Ichiro imitates Rose by passing threshold vs. Padres

June 16th, 2016

SAN DIEGO -- Ichiro Suzuki was an 11-year-old, growing up in Japan on Sept. 11, 1985, when Pete Rose smacked a second-inning single against the Padres at Riverfront Stadium to pass Ty Cobb into first place on the all-time hits list.
Nearly 31 years later, the confluence of Ichiro, Rose and the Padres came together again at Petco Park in the first and ninth innings of a game the Marlins lost, 6-3.
Ichiro legged out an infield hit on a dribbler up the first-base line against starter Luis Perdomo to lead off the game, and he hammered a double down the right-field line off closer Fernando Rodney in the ninth.
When Rose passed Cobb on that long-ago memorable night, he said that when he touched first base, he looked up at the heavens, remembering his dearly departed father. This was Ichiro's thoughts:
"The hit to tie was just a five-footer," Ichiro said through his longtime interpreter Allen Turner. "[The double] was a clean hit. I was just relieved to get a clean hit. I wasn't like, 'I'm glad I did it.' It was just relief to get a clean hit."
They were the 4,256th and 4,257th hits of Ichiro's career -- 2,979 of them for the Mariners, Yankees and Marlins in the Major Leagues, and 1,278 of them for the Orix BlueWave in Japan's Pacific League.
Ichiro is now only 21 away from becoming the first Japanese player in history to amass 3,000 hits in the Major Leagues. And that's the real figure.

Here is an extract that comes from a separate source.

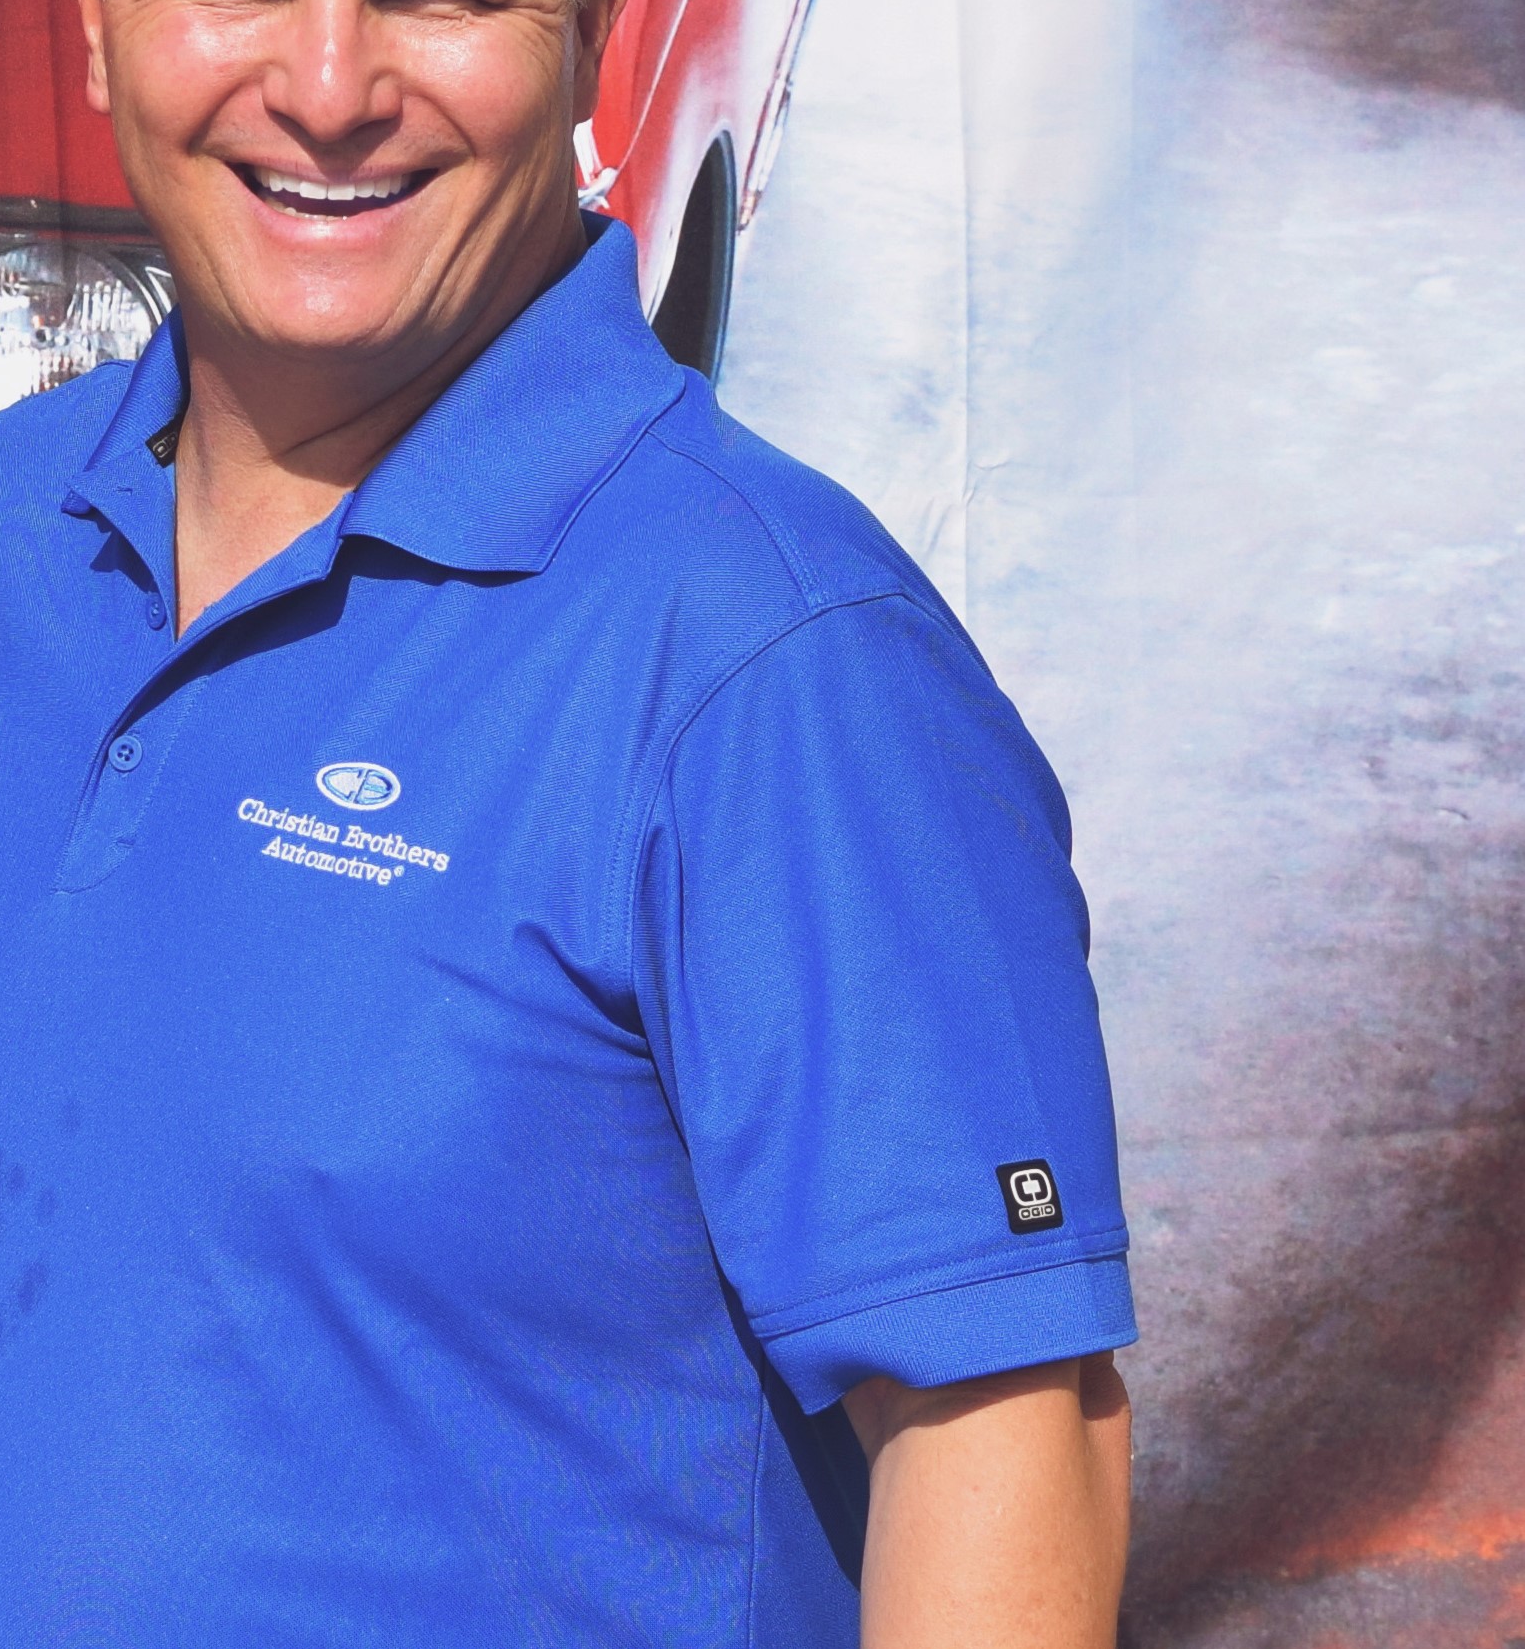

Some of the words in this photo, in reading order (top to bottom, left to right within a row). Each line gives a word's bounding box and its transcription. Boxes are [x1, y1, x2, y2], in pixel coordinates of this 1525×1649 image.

"Obviously, 3,000 is a no-doubter," Ichiro said. "It's a record here, and that is a goal I want to achieve."
Rose, then the player-manager of the Reds, of course finished with 4,256 hits in 24 big league seasons. He had 427 more in the Minor Leagues.
A Cincinnati native, Rose's last big league at-bat came on Aug. 17, 1986, also against the Padres. He pinch-hit and struck out to end the eighth inning against Goose Gossage. Almost exactly three years later, Rose would be suspended for life for betting on baseball.
Asked if he could remember what he was doing in 1985 when Rose passed Cobb, Ichiro said:
"I studied a lot as an 11-year-old."
And played a lot of baseball?
"Of course," he said.
Rose, for all his warts and problems, is still Major League Baseball's all-time hit king. But what Ichiro has accomplished reveals just how far baseball has come in a little more than three decades.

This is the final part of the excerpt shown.